We need to build a mass movement that can defeat Walker
The movement to recall Walker and his Republican goons is gaining momentum. Hundreds of thousands of workers and young people are looking towards the recall to strike back and teach corporate politicians a well-deserved lesson. But does the recall strategy measure up to the challenge we face?
Unfortunately, we have to say it will not be enough to stop Walker and his corporate offensive. A recall will take months, a year or more (nor is there any guarantee of victory). But that won’t stop the immediate impact of this disastrous bill as public sector unions now face the danger of being dismantled in the coming weeks. Nor can we simply depend on a legal challenge.
Now is the time – with March 12 seeing a massive 200,000 protesting and many more determined to fight – to rebuild a mass movement which is capable of reversing this bill and stopping the cuts. It’s crucial we build for mass demonstrations, workplace meetings, job actions, and student walkouts on the day the bill goes into effect and on April 4, along with the recall effort.
Of course, Walker has shown he won’t be stopped by protests alone. That is why Socialist Alternative has raised from the beginning of this struggle that in order to win we will need to mobilize our full power as workers, including by organizing strike action to shut down the state through a one-day public sector general strike.
General Strike
After the bill passed there was a groundswell of support for the idea of striking, with chants, signs and even local union leaders calling for a general strike. The situation was pregnant with the possibility of mass strike action. However, the top union officials did everything they could to stop a strike from happening. Through maneuvers at union meetings to scare tactics, they clamped down on the mood of their own membership for bigger and bolder action and instead have channeled the movement into focusing solely on the recall effort.

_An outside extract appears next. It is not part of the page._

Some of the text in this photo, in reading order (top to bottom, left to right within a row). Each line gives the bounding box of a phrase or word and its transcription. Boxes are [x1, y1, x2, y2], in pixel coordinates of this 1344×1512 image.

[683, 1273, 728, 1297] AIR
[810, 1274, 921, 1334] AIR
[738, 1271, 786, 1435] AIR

The union leaders and Democratic Party officials emphasized that a strike was too risky, illegal, and would lead to mass layoffs. But far greater are the risks of not striking and allowing this bill to destroy our rights, jobs, benefits and even some unions themselves. And we can’t win if we don’t fight.

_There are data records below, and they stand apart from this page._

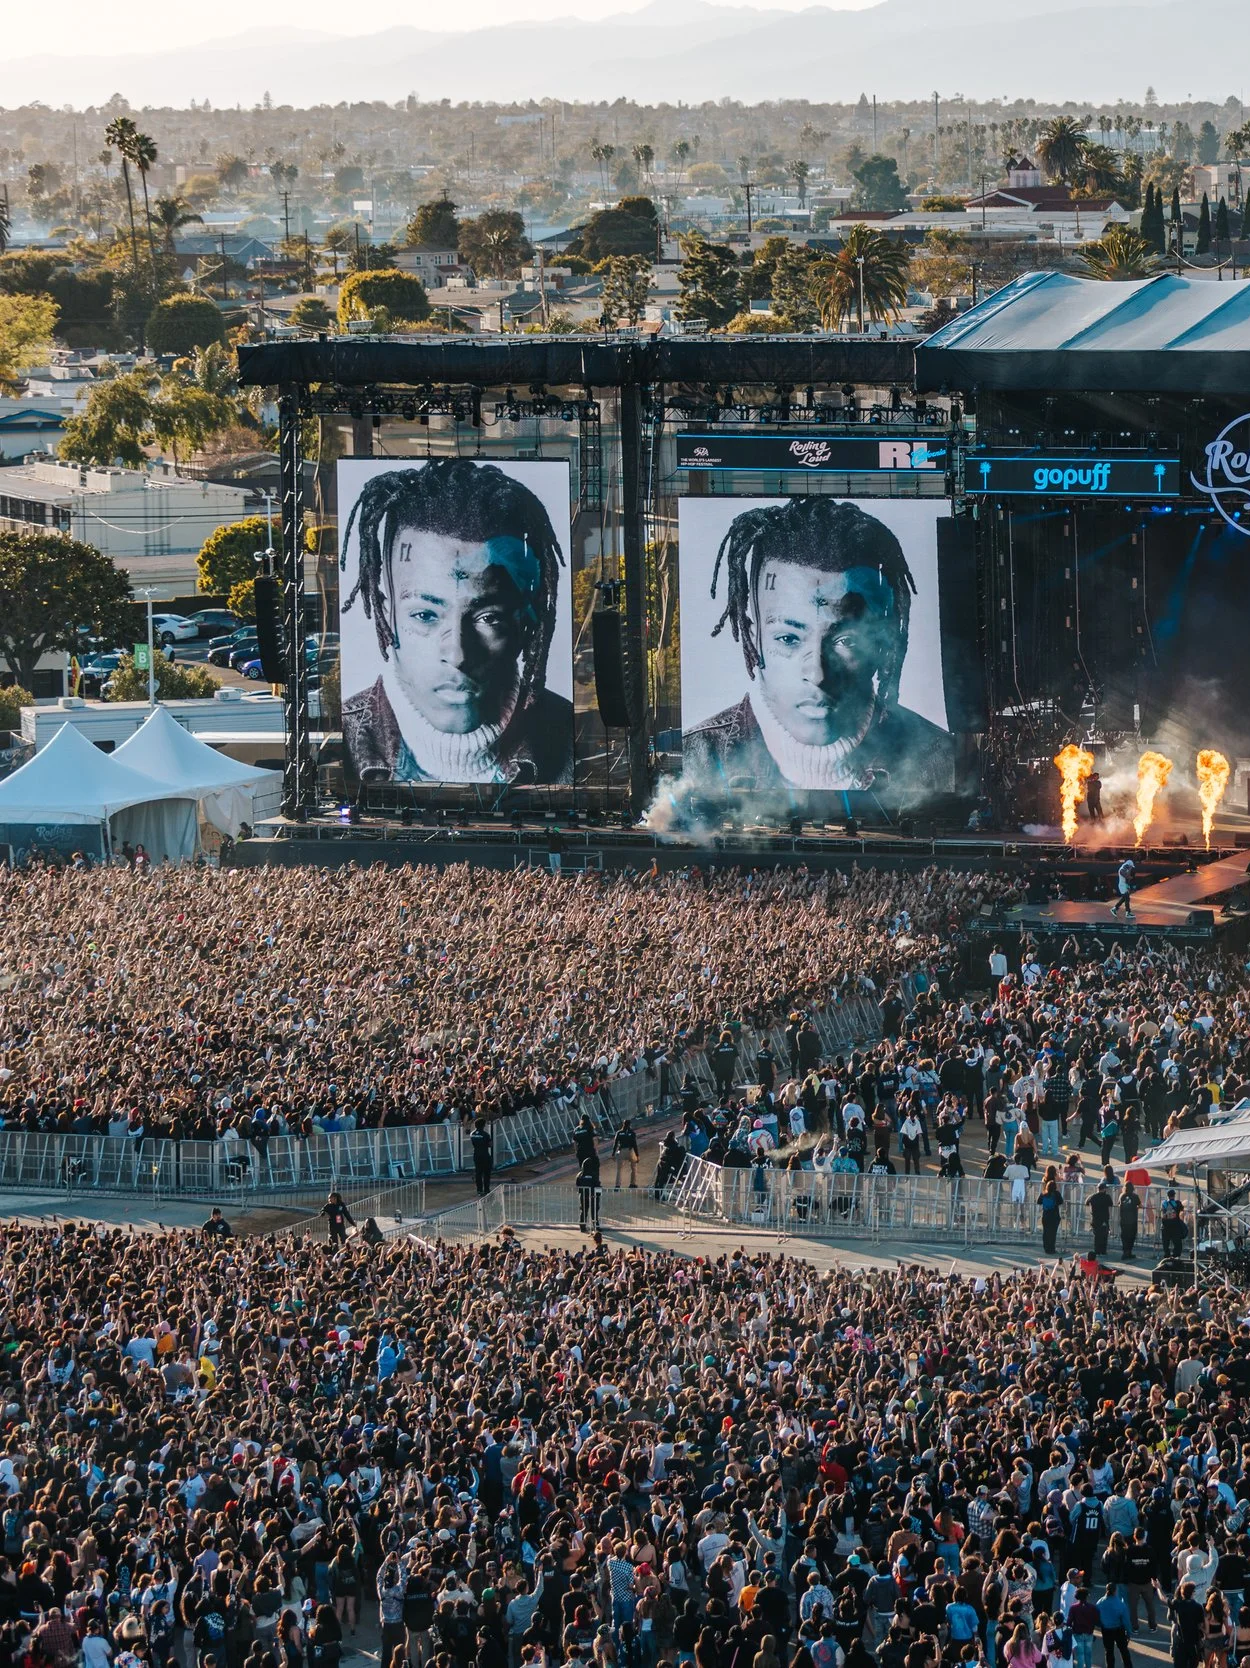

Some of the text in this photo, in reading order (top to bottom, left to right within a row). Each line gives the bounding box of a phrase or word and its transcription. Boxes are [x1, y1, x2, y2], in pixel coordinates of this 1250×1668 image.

[789, 441, 830, 455] Rolling
[879, 442, 936, 468] RL
[798, 452, 831, 467] Loud
[1034, 463, 1111, 491] gopuff
[139, 652, 147, 663] B
[1086, 1517, 1098, 1528] 10
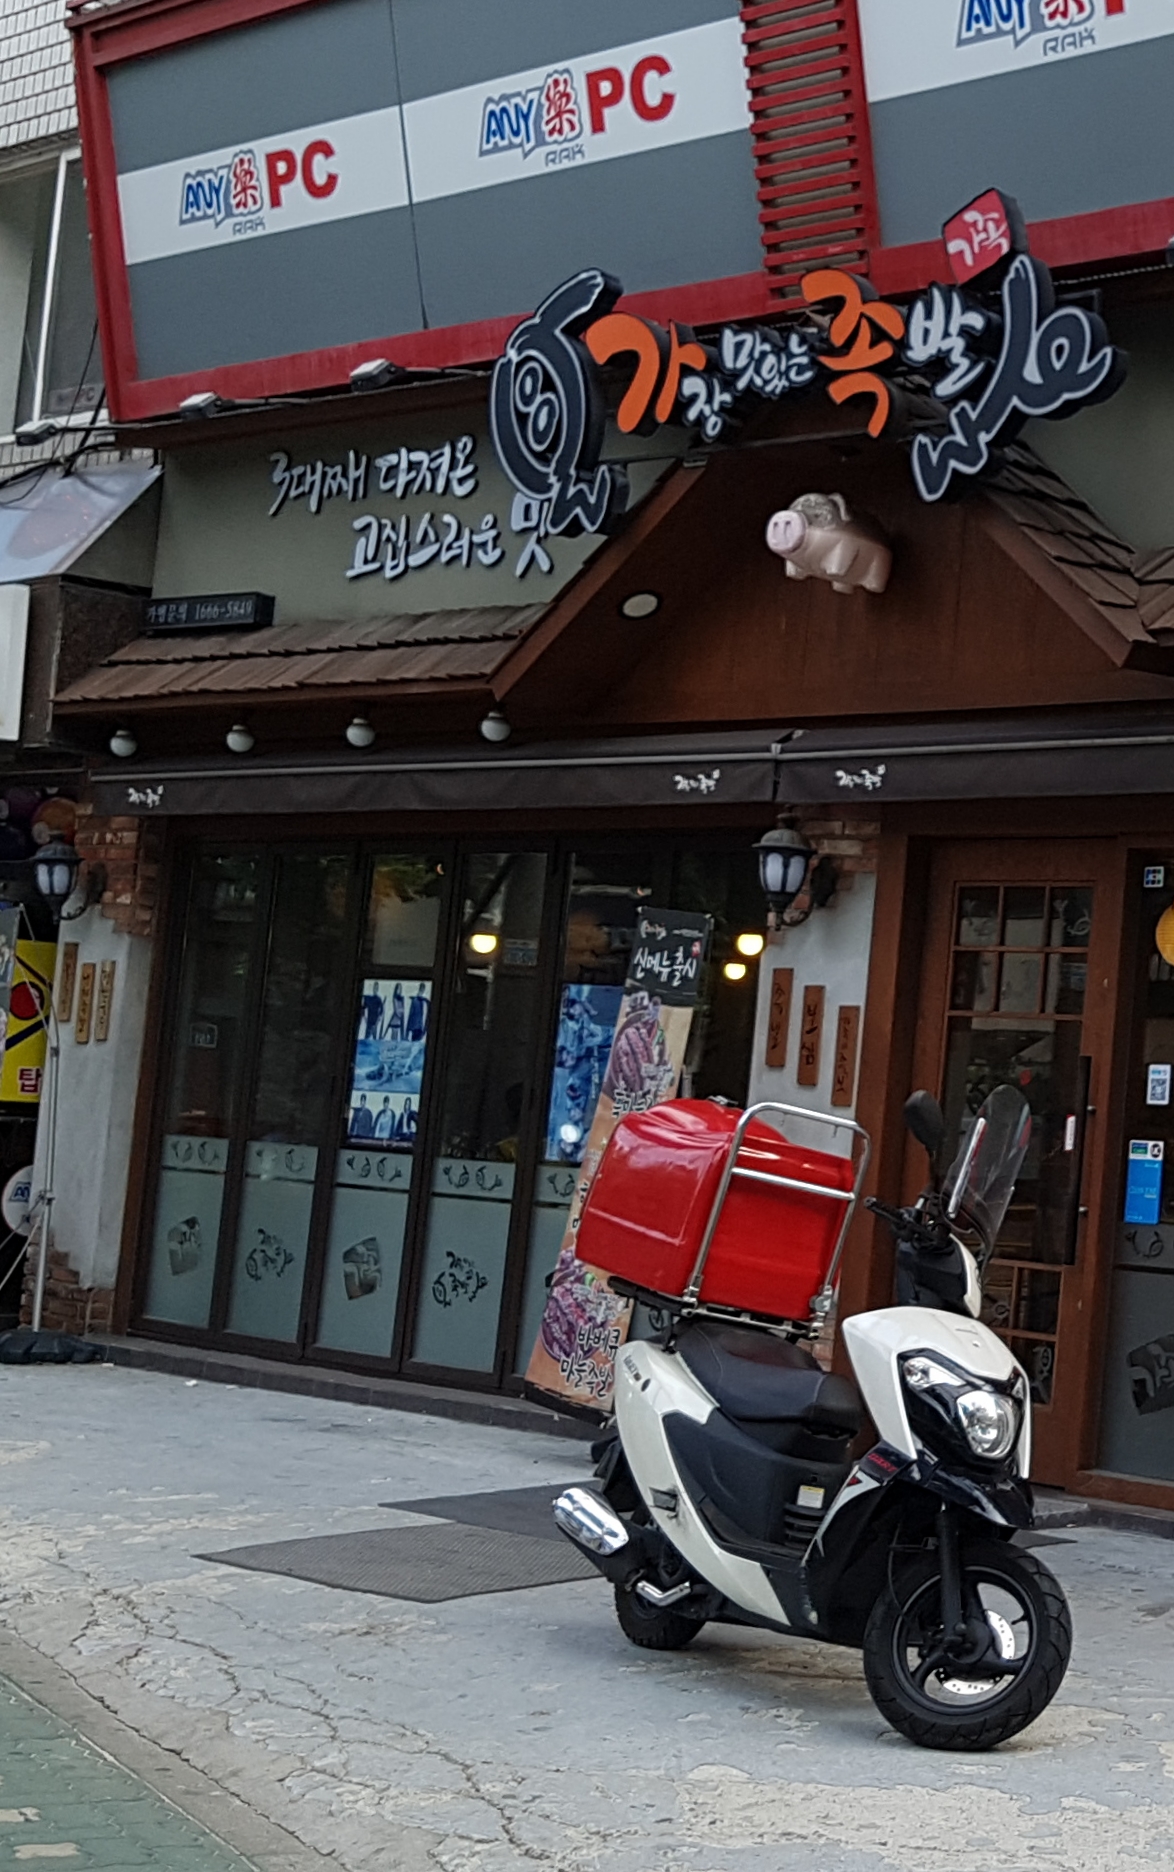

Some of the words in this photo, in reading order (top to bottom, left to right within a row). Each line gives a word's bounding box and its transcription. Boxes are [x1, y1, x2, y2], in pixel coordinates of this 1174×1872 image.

[1042, 28, 1096, 56] RAK
[485, 98, 534, 145] ANY
[585, 55, 676, 135] PC
[545, 144, 585, 167] RAK
[184, 175, 224, 215] ANY
[265, 139, 339, 209] PC
[232, 215, 266, 236] RAK
[719, 327, 813, 397] 맛있는
[801, 269, 986, 438] 족발
[346, 512, 504, 580] 고집스러운
[577, 1326, 621, 1362] 바베큐
[560, 1356, 614, 1398] 마늘족발

Nor should the threat of termination automatically stop us. If the whole state was shut down – aside from necessary emergency services – by a one-day public sector strike they couldn’t fire all the teachers, nurses, and state and city workers. To be effective, any strike must base itself on the basic principle of solidarity, with the whole movement rallying to the defense of any individual workers victimized for going on strike.
Class Struggle
We must also remember that the union and civil rights movements were built by those prepared to defy unjust laws. Walker disregarded the law himself, and furthermore anti-labor laws like Taft-Hartley have been passed by Corporate politicians and are against the interests of working people. As Martin Luther King Jr. said, “there are two types of laws: just and unjust…One has not only a legal but a moral responsibility to obey just laws. Conversely, one has a moral responsibility to disobey unjust laws.”
A general strike could have been called and organized in the days after the bill was passed if the rank-and-file were organized and prepared to systematically take up the arguments of the union leadership and win a solid majority of their fellow members over to a clear plan for strike action.

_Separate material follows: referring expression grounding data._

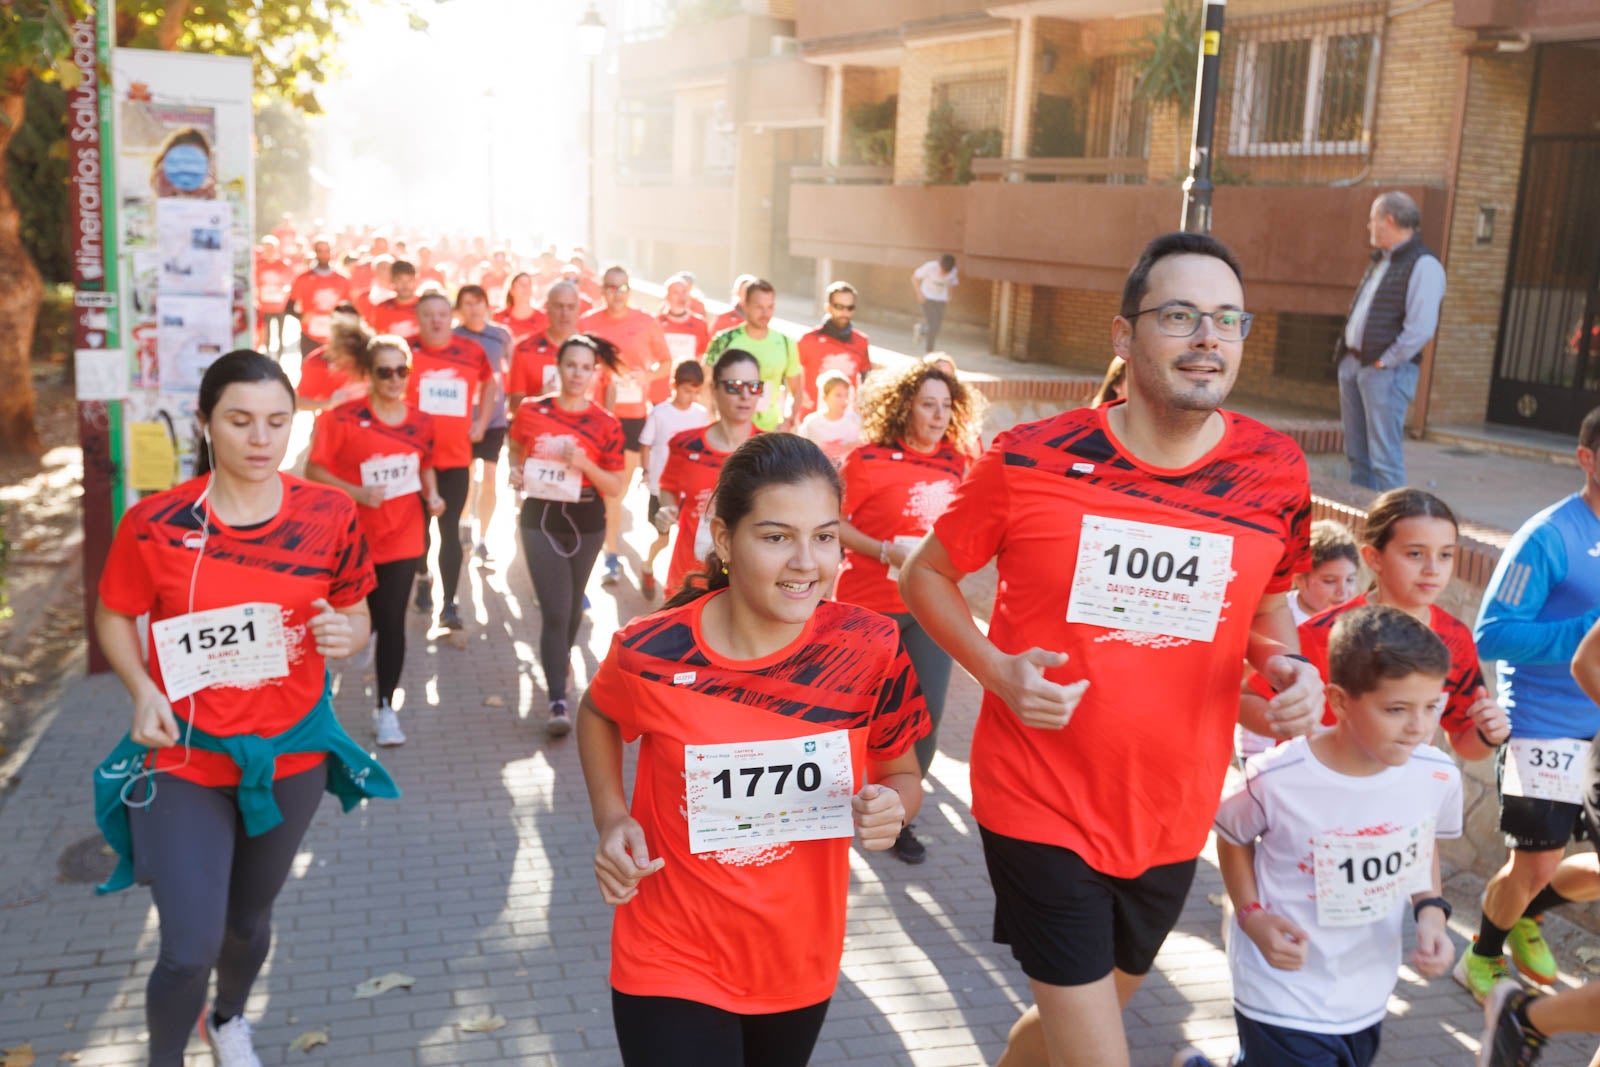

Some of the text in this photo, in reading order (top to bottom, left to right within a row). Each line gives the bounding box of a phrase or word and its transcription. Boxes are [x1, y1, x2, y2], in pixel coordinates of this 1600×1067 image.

[372, 466, 408, 482] 1787
[538, 469, 566, 482] 718
[1104, 544, 1200, 587] 1004
[1106, 583, 1136, 596] DAVID
[1139, 588, 1170, 601] PEREZ
[178, 620, 257, 654] 1521
[1528, 747, 1575, 771] 337
[712, 761, 822, 800] 1770
[1338, 842, 1418, 885] 1003

The lesson is that we need to organize the movement from below and transform our unions into fighting, democratic organizations. The top officials claimed that a strike could turn the broad public support against the unions. In fact, wide support for a strike could be maintained if the demands were not limited to defending public-sector union rights, but instead said that no worker should pay for the crisis of Wall Street and Big Business. Unions must fight for an increase in the minimum wage, jobs or decent benefits for the unemployed, and against cuts.
Michael Moore correctly stated that this was a “class war.” The top union leaders, without asking their members, offered to accept almost all of Walker’s economic demands because they are trained in the methods of class compromise and partnership with corporate politicians in the Democratic Party, not the methods of class struggle.
As part of building a mass movement in the streets we also should support the recall of Walker and the Republicans. But who should replace them? The Democrats are also backed by big business and, despite the “Fab 14” opposition to the attacks on bargaining rights, have said they agree with Walker’s attacks on workers’ healthcare, pensions, and budget cuts.
It is therefore necessary that the interests of the movement are independently represented in the elections. Working people should run their own independent candidates as a step towards forming a mass party of workers and young people that can be a real voice to fight for and defend their interests.
WE CALL FOR
· Rebuild a mass movement against the bill which is capable of reversing it. For mass demonstrations, workplace meetings, job actions, and student walkouts on the day the bill goes into effect and on April 4.
· Emergency mass union meetings to democratically develop an immediate plan for stepping up the struggle. Build a rank and file movement to transform our unions into democratic organizations fighting for the interests of all working people.
· Wall Street is to blame not working people or their unions! Tax the super-rich and big corporations!
· No concessions! No Cuts! Reverse the whole bill!
· The full right to strike for all workers; the right to unionize and have decent jobs, benefits and pensions for all.
· Recall Walker and the Republicans and run independent working-class candidates.
· An end to the corporate domination of politics and our lives. Working people of Wisconsin and the U.S. unite and fight for a working people’s party and a democratic socialist society!